▶ _Listed records_
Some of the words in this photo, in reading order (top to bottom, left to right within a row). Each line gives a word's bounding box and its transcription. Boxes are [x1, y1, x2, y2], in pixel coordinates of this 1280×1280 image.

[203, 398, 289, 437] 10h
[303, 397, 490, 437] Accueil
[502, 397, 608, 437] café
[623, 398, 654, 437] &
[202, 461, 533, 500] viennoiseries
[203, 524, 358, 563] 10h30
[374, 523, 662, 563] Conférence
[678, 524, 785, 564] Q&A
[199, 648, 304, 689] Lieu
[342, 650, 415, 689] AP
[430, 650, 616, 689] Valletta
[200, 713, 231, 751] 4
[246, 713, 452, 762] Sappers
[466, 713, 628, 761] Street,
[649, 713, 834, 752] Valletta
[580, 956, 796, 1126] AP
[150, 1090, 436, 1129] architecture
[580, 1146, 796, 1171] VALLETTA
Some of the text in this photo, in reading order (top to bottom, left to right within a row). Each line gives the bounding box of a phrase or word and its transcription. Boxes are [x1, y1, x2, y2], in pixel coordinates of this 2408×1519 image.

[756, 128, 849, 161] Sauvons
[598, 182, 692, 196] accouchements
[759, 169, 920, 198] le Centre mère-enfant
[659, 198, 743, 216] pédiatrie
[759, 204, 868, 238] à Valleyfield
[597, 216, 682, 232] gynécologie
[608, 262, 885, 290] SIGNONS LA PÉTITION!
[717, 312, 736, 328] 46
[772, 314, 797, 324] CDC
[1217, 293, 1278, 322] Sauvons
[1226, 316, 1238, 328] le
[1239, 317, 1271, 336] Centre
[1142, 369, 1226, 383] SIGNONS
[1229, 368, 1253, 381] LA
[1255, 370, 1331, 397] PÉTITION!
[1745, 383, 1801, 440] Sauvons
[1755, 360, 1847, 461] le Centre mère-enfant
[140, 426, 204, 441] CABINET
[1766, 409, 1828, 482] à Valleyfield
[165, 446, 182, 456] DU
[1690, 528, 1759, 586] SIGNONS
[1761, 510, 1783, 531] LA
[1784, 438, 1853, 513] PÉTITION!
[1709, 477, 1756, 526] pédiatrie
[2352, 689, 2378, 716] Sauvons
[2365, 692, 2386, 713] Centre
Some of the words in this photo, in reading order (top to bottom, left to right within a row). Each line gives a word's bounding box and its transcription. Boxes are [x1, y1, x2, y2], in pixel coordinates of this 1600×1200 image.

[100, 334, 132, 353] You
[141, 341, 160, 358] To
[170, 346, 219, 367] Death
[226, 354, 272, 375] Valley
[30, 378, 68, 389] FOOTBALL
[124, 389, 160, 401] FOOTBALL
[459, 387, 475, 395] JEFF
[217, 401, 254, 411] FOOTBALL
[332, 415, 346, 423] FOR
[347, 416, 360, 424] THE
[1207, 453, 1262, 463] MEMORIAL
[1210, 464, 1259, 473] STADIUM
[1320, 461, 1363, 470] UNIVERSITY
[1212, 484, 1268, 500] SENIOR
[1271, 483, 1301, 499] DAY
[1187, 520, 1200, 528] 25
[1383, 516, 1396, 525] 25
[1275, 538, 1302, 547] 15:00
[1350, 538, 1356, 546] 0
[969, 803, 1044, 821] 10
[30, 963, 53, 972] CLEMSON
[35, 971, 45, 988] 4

▶ _Work instruction_
Would you output every record above exactly as it stands?

▶ _Result_
Some of the words in this photo, in reading order (top to bottom, left to right within a row). Each line gives a word's bounding box and its transcription. Boxes are [x1, y1, x2, y2], in pixel coordinates of this 1280×1280 image.

[203, 398, 289, 437] 10h
[303, 397, 490, 437] Accueil
[502, 397, 608, 437] café
[623, 398, 654, 437] &
[202, 461, 533, 500] viennoiseries
[203, 524, 358, 563] 10h30
[374, 523, 662, 563] Conférence
[678, 524, 785, 564] Q&A
[199, 648, 304, 689] Lieu
[342, 650, 415, 689] AP
[430, 650, 616, 689] Valletta
[200, 713, 231, 751] 4
[246, 713, 452, 762] Sappers
[466, 713, 628, 761] Street,
[649, 713, 834, 752] Valletta
[580, 956, 796, 1126] AP
[150, 1090, 436, 1129] architecture
[580, 1146, 796, 1171] VALLETTA
Some of the text in this photo, in reading order (top to bottom, left to right within a row). Each line gives the bounding box of a phrase or word and its transcription. Boxes are [x1, y1, x2, y2], in pixel coordinates of this 2408×1519 image.

[756, 128, 849, 161] Sauvons
[598, 182, 692, 196] accouchements
[759, 169, 920, 198] le Centre mère-enfant
[659, 198, 743, 216] pédiatrie
[759, 204, 868, 238] à Valleyfield
[597, 216, 682, 232] gynécologie
[608, 262, 885, 290] SIGNONS LA PÉTITION!
[717, 312, 736, 328] 46
[772, 314, 797, 324] CDC
[1217, 293, 1278, 322] Sauvons
[1226, 316, 1238, 328] le
[1239, 317, 1271, 336] Centre
[1142, 369, 1226, 383] SIGNONS
[1229, 368, 1253, 381] LA
[1255, 370, 1331, 397] PÉTITION!
[1745, 383, 1801, 440] Sauvons
[1755, 360, 1847, 461] le Centre mère-enfant
[140, 426, 204, 441] CABINET
[1766, 409, 1828, 482] à Valleyfield
[165, 446, 182, 456] DU
[1690, 528, 1759, 586] SIGNONS
[1761, 510, 1783, 531] LA
[1784, 438, 1853, 513] PÉTITION!
[1709, 477, 1756, 526] pédiatrie
[2352, 689, 2378, 716] Sauvons
[2365, 692, 2386, 713] Centre
Some of the words in this photo, in reading order (top to bottom, left to right within a row). Each line gives a word's bounding box and its transcription. Boxes are [x1, y1, x2, y2], in pixel coordinates of this 1600×1200 image.

[100, 334, 132, 353] You
[141, 341, 160, 358] To
[170, 346, 219, 367] Death
[226, 354, 272, 375] Valley
[30, 378, 68, 389] FOOTBALL
[124, 389, 160, 401] FOOTBALL
[459, 387, 475, 395] JEFF
[217, 401, 254, 411] FOOTBALL
[332, 415, 346, 423] FOR
[347, 416, 360, 424] THE
[1207, 453, 1262, 463] MEMORIAL
[1210, 464, 1259, 473] STADIUM
[1320, 461, 1363, 470] UNIVERSITY
[1212, 484, 1268, 500] SENIOR
[1271, 483, 1301, 499] DAY
[1187, 520, 1200, 528] 25
[1383, 516, 1396, 525] 25
[1275, 538, 1302, 547] 15:00
[1350, 538, 1356, 546] 0
[969, 803, 1044, 821] 10
[30, 963, 53, 972] CLEMSON
[35, 971, 45, 988] 4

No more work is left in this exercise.